Meta's Acquisition: Meta has acquired Moltbook, a social network specifically designed for AI agents, which has been highly anticipated in the tech community.
Founders Joining Meta: The founders of Moltbook, Matt Schlicht and Ben Parr, will be joining Meta's Superintelligence Labs (MSL) as part of the acquisition.
Leadership: The acquisition and integration of Moltbook into Meta's operations will be led by former Scale AI CEO, Alexandr Wang.
Focus on AI Development: This move reflects Meta's ongoing commitment to advancing AI technologies and enhancing its capabilities in the field.
- Surge in Capital Expenditures: Meta forecasts capital expenditures between $115 billion and $135 billion for 2026, nearly doubling from $72.2 billion in 2025, indicating a significant commitment to infrastructure despite potential pressure on free cash flow.
- Strong Financial Performance: Despite the substantial increase in capital spending, Meta generated $115.8 billion in operating cash flow and $60.5 billion in net income in 2025, demonstrating the company's ability to support its expansion plans while maintaining a robust financial foundation.

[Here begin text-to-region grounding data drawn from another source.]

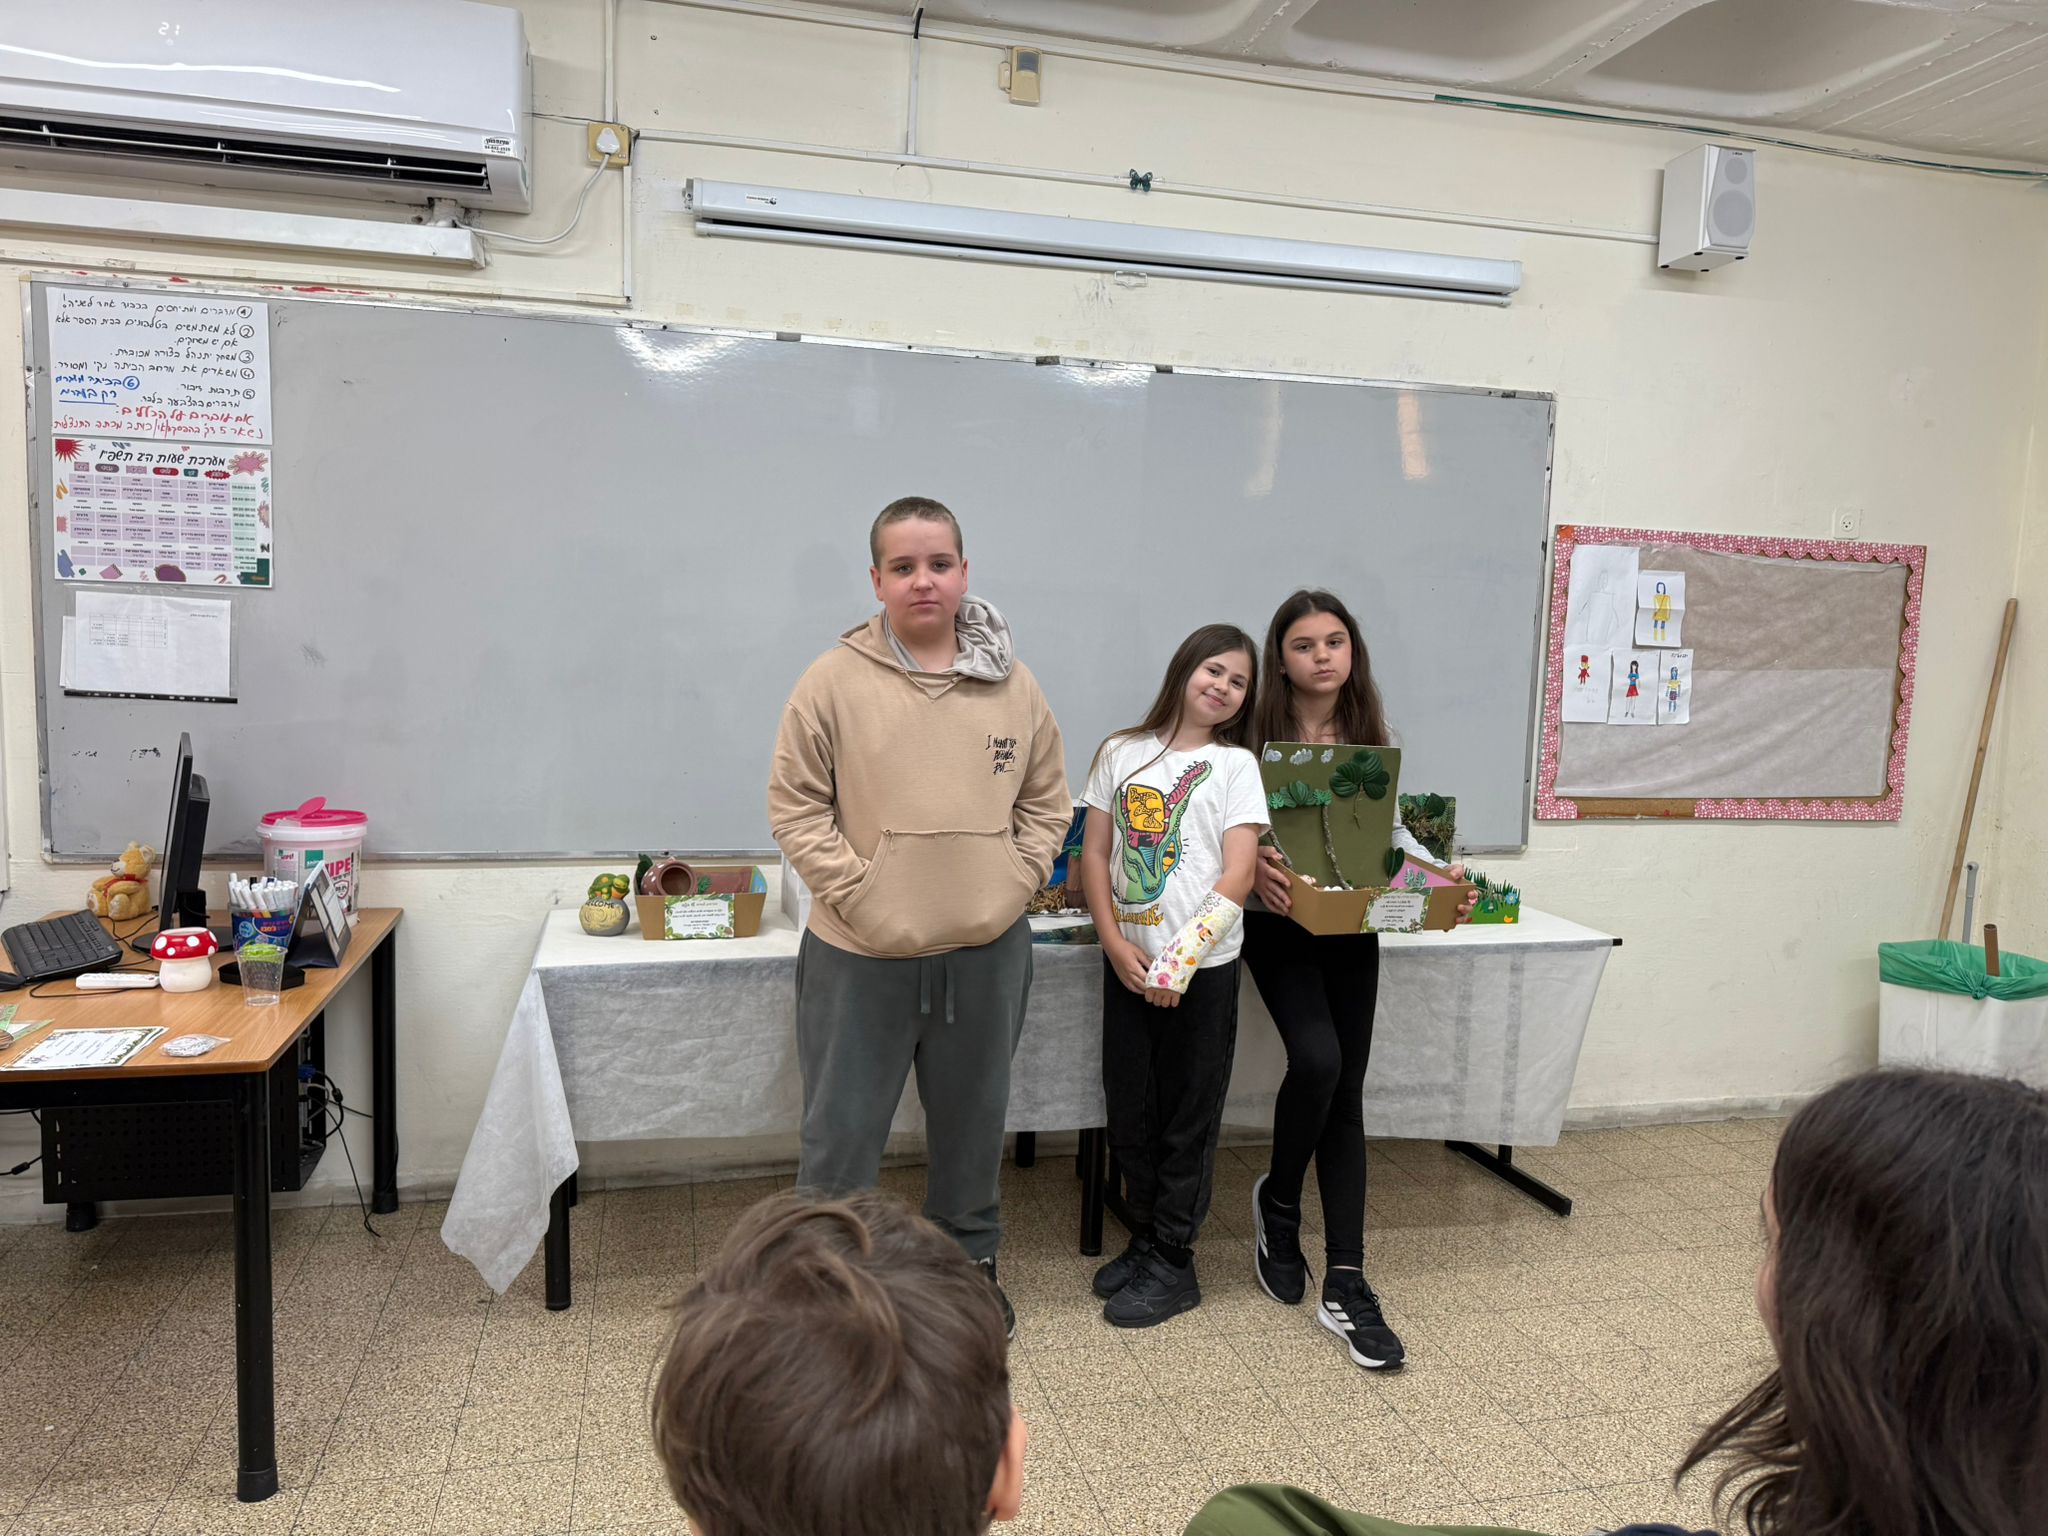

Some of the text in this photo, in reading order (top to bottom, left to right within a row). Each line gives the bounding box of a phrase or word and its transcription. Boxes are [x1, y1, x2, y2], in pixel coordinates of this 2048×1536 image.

[158, 21, 180, 36] 21
[97, 299, 115, 308] אחד
[121, 301, 148, 310] בכבוד
[55, 311, 71, 322] אלא
[200, 307, 236, 316] מדברים
[73, 315, 97, 325] הספר
[100, 317, 121, 325] בבית
[175, 323, 220, 334] משתמשים
[223, 322, 238, 336] לא
[211, 338, 220, 346] יש
[221, 338, 238, 350] אם
[154, 347, 181, 358] בצורה
[185, 347, 212, 359] יתנהל
[215, 352, 237, 362] משחק
[93, 361, 107, 372] נקי
[114, 362, 145, 371] הכיתה
[148, 364, 175, 373] מרחב
[181, 364, 197, 373] את
[101, 389, 117, 403] רק
[208, 387, 241, 397] תרבות
[167, 395, 204, 407] בהצבעה
[206, 400, 241, 408] מדברים
[170, 408, 186, 422] על
[189, 411, 233, 423] עוברים
[235, 413, 254, 426] אם
[229, 426, 264, 439] נשאר
[156, 452, 185, 464] שעות
[187, 455, 226, 466] מערכת

- Advertising Revenue Growth: Meta reported a 24% year-over-year revenue growth in Q4, driven by an 18% increase in ad impressions and a 6% rise in average ad prices, providing strong support for its future capital expenditures.
- AI Investment Outlook: Zuckerberg indicated that 2026 will be a pivotal year for AI acceleration, and while the market remains cautious about capital expenditures, Meta's strategic investments could yield substantial returns for shareholders in the long run.
- Surge in Capital Expenditures: Meta's management forecasts capital expenditures to reach between $115 billion and $135 billion in 2026, nearly doubling from $72.2 billion in 2025, indicating that such massive infrastructure investments may pressure free cash flow and impact stock performance.
- Strong Operating Cash Flow: Despite the high spending, Meta generated $115.8 billion in operating cash flow and $60.5 billion in net income in 2025, demonstrating the robust profitability of its core platforms like Facebook and Instagram, which can support future investments.
- Revenue Growth Momentum: Meta reported a 24% year-over-year revenue growth in Q4, driven by an 18% increase in ad impressions and a 6% rise in average ad prices, providing strong financial backing for its 2026 spending plans, with Q1 revenue expected to grow by about 30%.
- AI Investment Outlook: Zuckerberg stated that 2026 will be a pivotal year for AI acceleration, and while the market may be skeptical about high expenditures, his confidence in capital allocation could attract long-term investors, especially given the company's historically strong performance.